Don't be a lazy ass, get out of the damn car and hike around!

— Recommended Trip Variations —

Add Mount St. Helens

Spend an extra day and explore both sides of Mt. St. Helens National Volcanic Monument.  In case you're not familiar with this piece of history, the eruption of Mt. St. Helens occurred the morning of May 18, 1980 and killed 57 people.  It was the largest and most destructive eruption in US history. The western side has 2 visitor centers that explain the event and impacts.  Trust us, it's more interesting than it sounds.  The remote eastern side of the National Monument has better views of the blown out side and the devastation of the eruption—a lake filled with debris & trees knocked down during the blast that has resulted in it being 200 feet higher than it used to be, denuded mountainsides, and a car literally flattened by the blast.  Sometimes you can still see steam rising off this active volcano.

Learn More

Add Tacoma Museums

Spend an extra day and night and explore Tacoma, Washington which is located just south of Seattle and at the bottom of the Puget Sound.  Don't miss the LeMayAmerica's Car Museum with its 350 car gallery, the LeMay Museum at Marymount for even more antique cars, and the Museum of Glass and its breathtaking Chihuly Glass Bridge.

Learn More

Add More Coastline Travel

The 3-day trip above only has you driving about 20 miles along the Washington coastline.  It's a travesty to only see that much of the coastline, so why not add one more day to your trip and head south out of Aberdeen on Routes 105 and 101.  Then head east on route 4 along the Columbia River.  These scenic byways are littered with state parks, museums, and National Wildlife Refuges like the World Kite Museum, Lewis and Clark National Historic Point, Willapa Seaport Museum, and the Willapa National Wildlife Refuge.

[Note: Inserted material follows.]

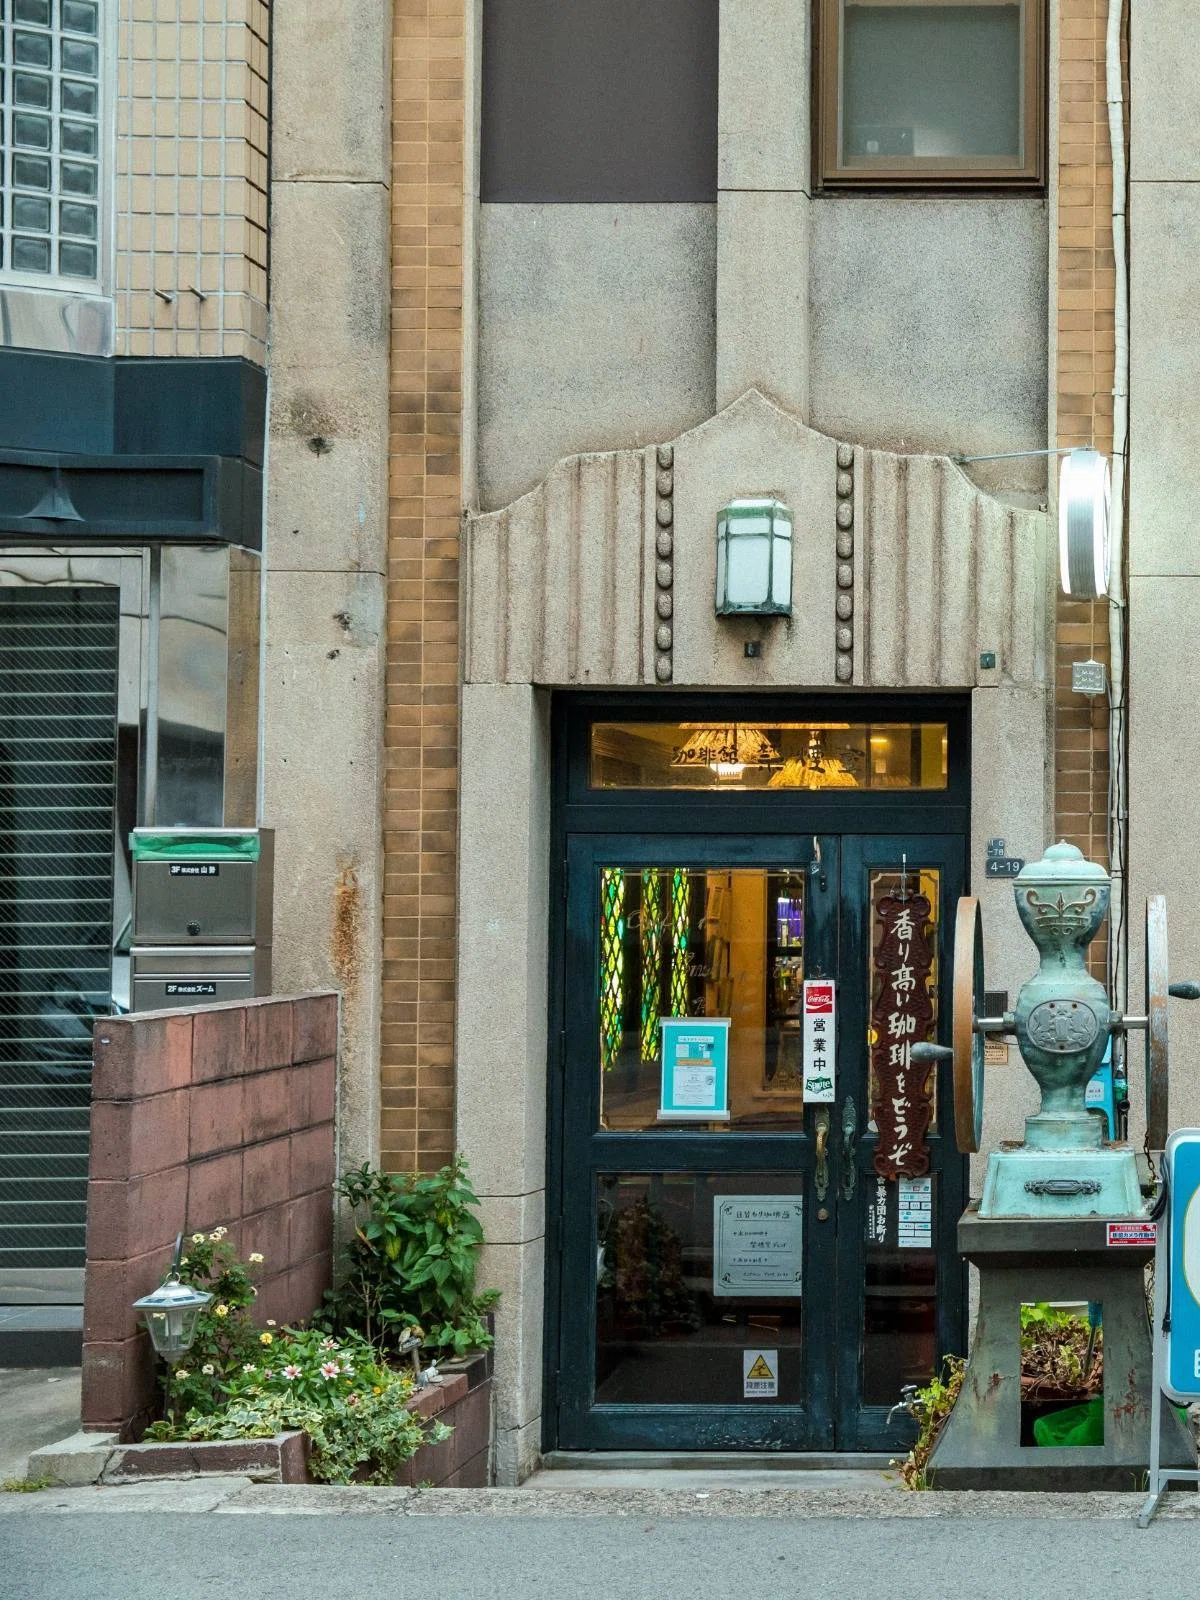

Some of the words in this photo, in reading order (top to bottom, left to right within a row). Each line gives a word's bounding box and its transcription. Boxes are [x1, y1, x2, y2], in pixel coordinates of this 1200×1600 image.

Once you make it to Longview, Washington along the Columbia River it's an easy 2-hour-long straight shot up Interstate 5 to the Seattle airport.  Coincidentally, both Mt. St. Helens and Tacoma, Washington are along the way.  That means you can combine the 3-day trip with all these trip variations for a fantastic week-long trip which would also give you a little extra time to explore more of what Seattle has to offer.